» **Problem requirements**: Every record is to be copied unchanged, except that its pictures are removed.

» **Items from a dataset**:
═══
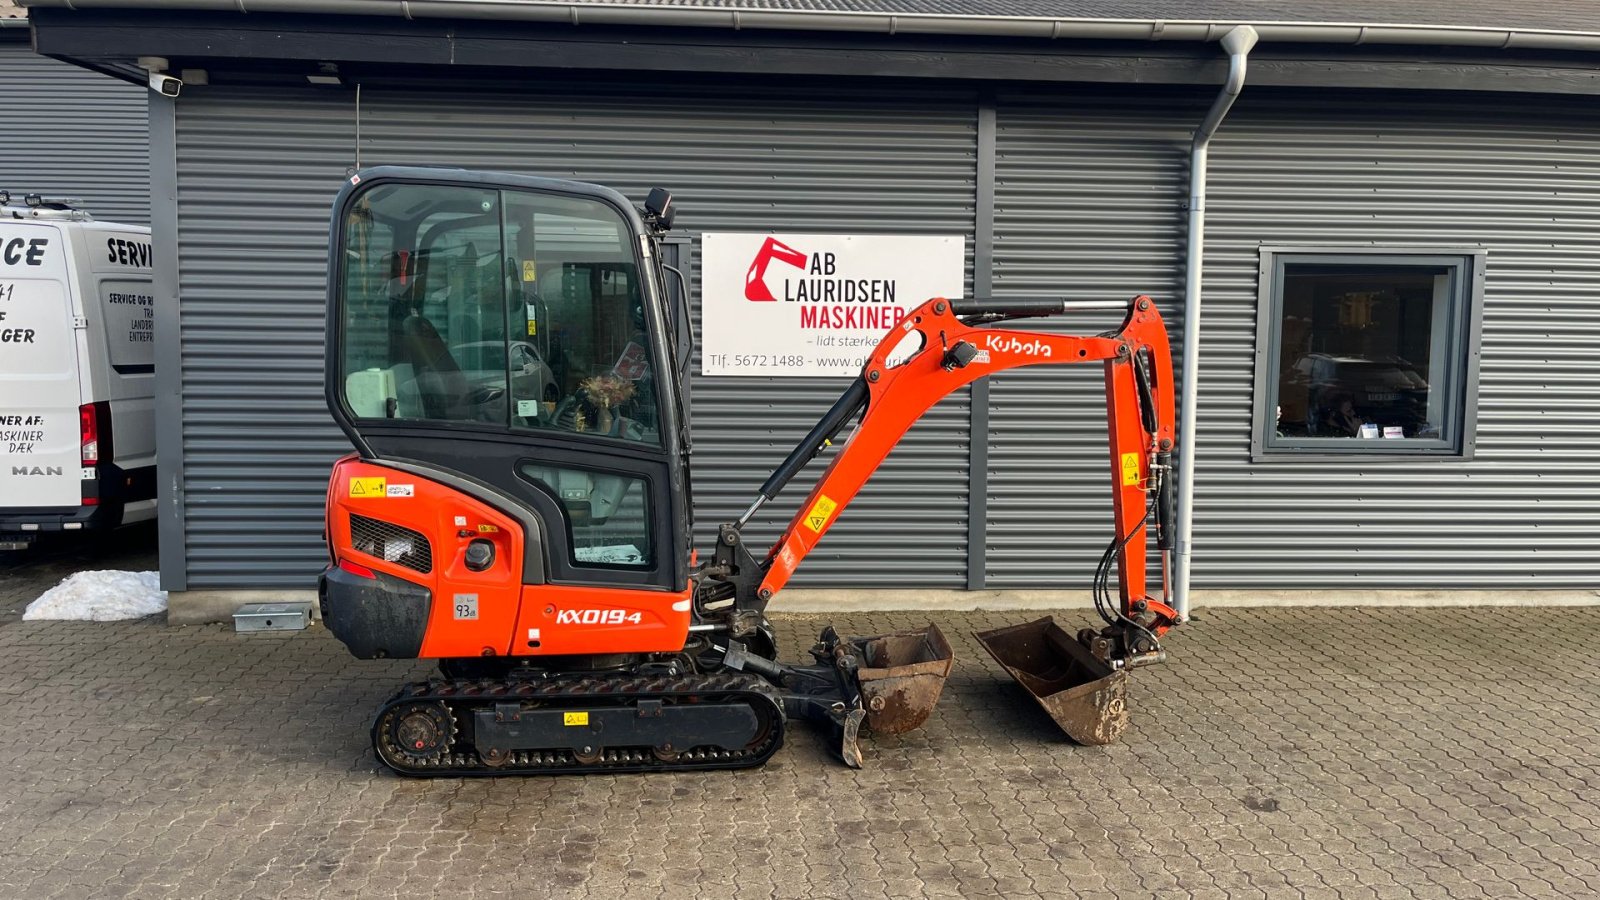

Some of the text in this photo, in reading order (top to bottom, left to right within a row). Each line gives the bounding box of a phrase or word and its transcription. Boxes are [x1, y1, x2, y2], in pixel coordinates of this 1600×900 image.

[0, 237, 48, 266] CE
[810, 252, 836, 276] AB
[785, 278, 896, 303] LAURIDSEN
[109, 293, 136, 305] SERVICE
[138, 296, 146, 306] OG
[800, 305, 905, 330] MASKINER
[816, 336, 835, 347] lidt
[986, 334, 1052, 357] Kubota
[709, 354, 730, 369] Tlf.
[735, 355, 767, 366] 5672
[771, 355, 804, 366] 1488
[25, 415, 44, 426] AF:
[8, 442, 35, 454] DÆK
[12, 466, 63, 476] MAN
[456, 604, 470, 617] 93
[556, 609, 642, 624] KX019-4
═══
» **Output**:
Some of the text in this photo, in reading order (top to bottom, left to right within a row). Each line gives the bounding box of a phrase or word and its transcription. Boxes are [x1, y1, x2, y2], in pixel coordinates of this 1600×900 image.

[0, 237, 48, 266] CE
[810, 252, 836, 276] AB
[785, 278, 896, 303] LAURIDSEN
[109, 293, 136, 305] SERVICE
[138, 296, 146, 306] OG
[800, 305, 905, 330] MASKINER
[816, 336, 835, 347] lidt
[986, 334, 1052, 357] Kubota
[709, 354, 730, 369] Tlf.
[735, 355, 767, 366] 5672
[771, 355, 804, 366] 1488
[25, 415, 44, 426] AF:
[8, 442, 35, 454] DÆK
[12, 466, 63, 476] MAN
[456, 604, 470, 617] 93
[556, 609, 642, 624] KX019-4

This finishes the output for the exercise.